◆ **Your objective**:
Take the listing below and output it exactly, with no images.

◆ **Records shown**:

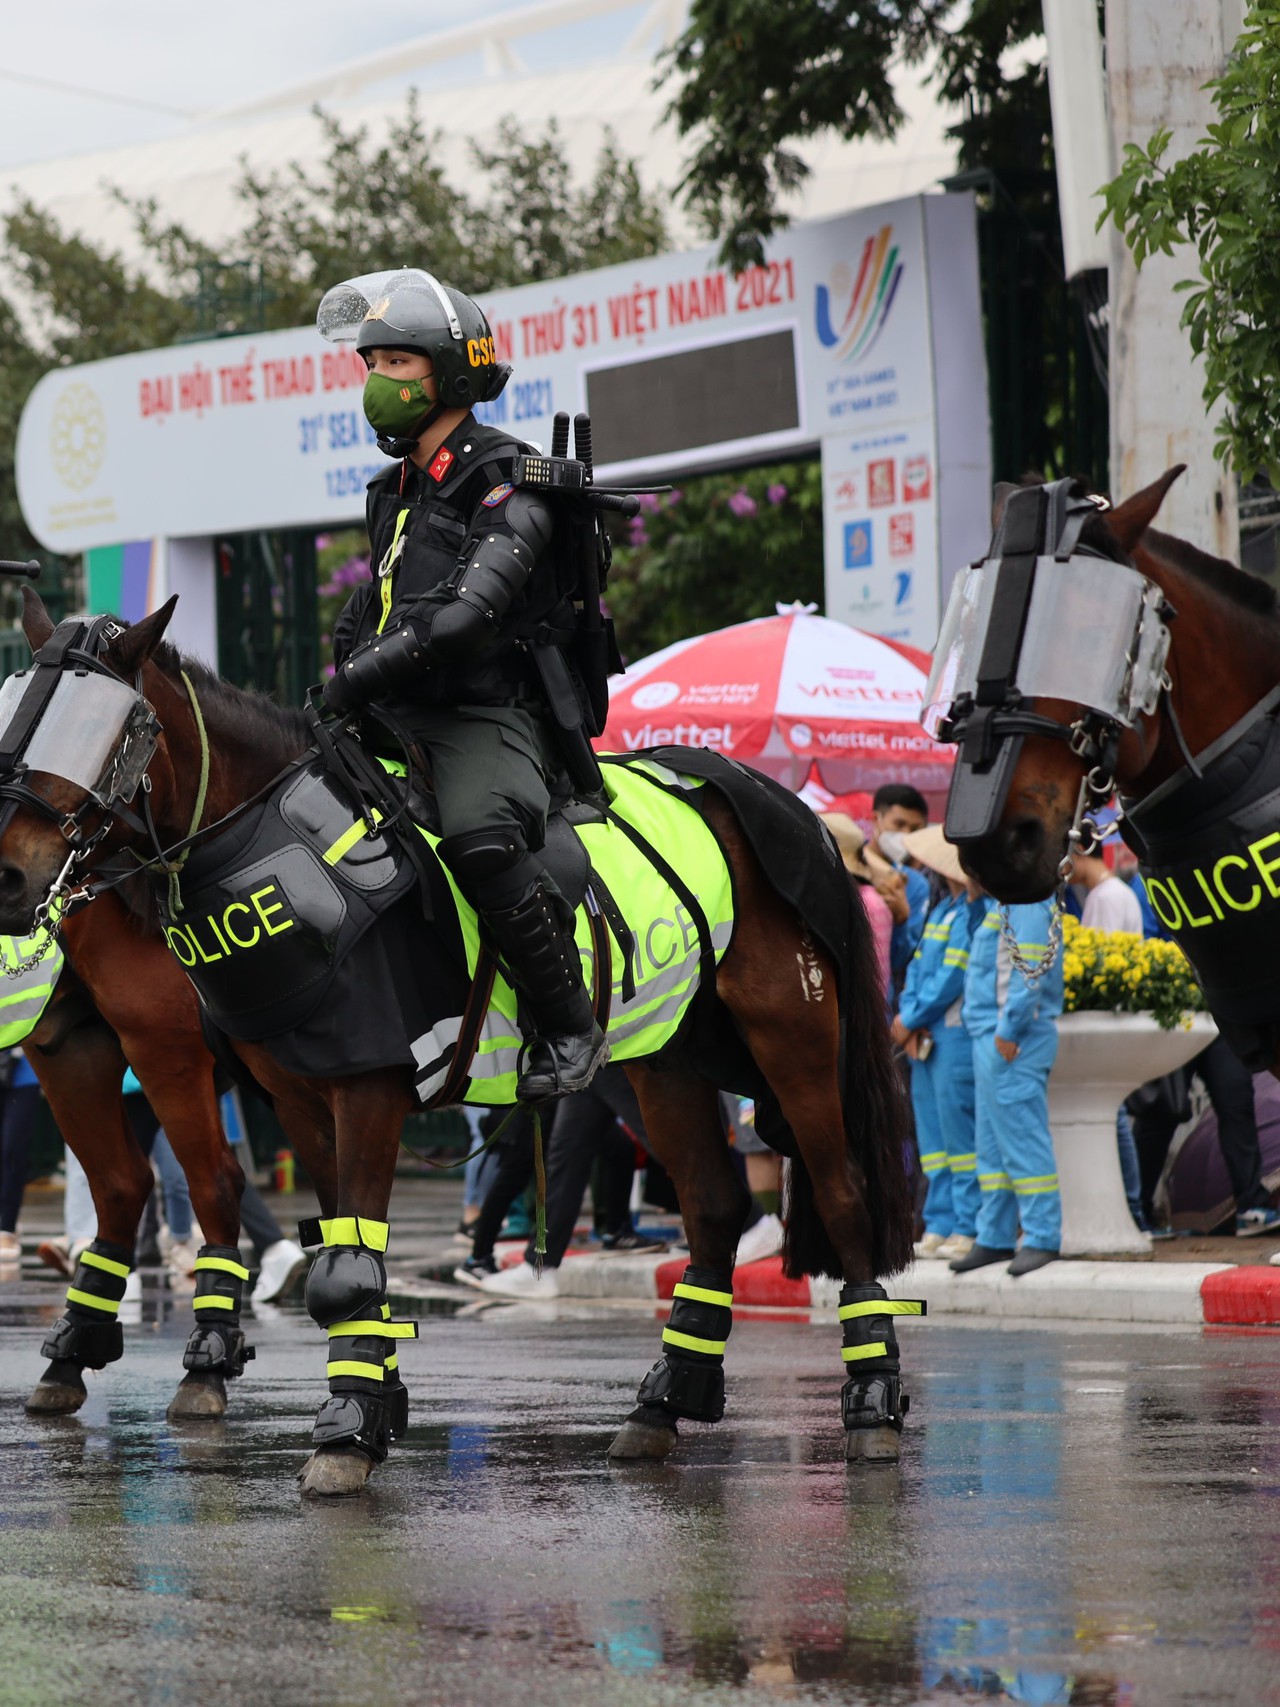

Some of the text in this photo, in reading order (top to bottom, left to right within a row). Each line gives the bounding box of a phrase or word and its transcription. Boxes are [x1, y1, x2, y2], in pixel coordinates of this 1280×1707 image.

[572, 303, 598, 349] 31
[608, 280, 658, 345] VIỆT
[667, 271, 727, 328] NAM
[735, 256, 796, 313] 2021
[261, 353, 315, 402] THAO
[322, 343, 367, 393] ĐÔN
[328, 410, 359, 450] SEA
[621, 722, 735, 750] viettel
[817, 729, 888, 750] viettel
[1138, 831, 1280, 931] OLICE
[160, 884, 294, 967] OLICE

◆ **Response to the exercise**:
Some of the text in this photo, in reading order (top to bottom, left to right within a row). Each line gives the bounding box of a phrase or word and its transcription. Boxes are [x1, y1, x2, y2], in pixel coordinates of this 1280×1707 image.

[572, 303, 598, 349] 31
[608, 280, 658, 345] VIỆT
[667, 271, 727, 328] NAM
[735, 256, 796, 313] 2021
[261, 353, 315, 402] THAO
[322, 343, 367, 393] ĐÔN
[328, 410, 359, 450] SEA
[621, 722, 735, 750] viettel
[817, 729, 888, 750] viettel
[1138, 831, 1280, 931] OLICE
[160, 884, 294, 967] OLICE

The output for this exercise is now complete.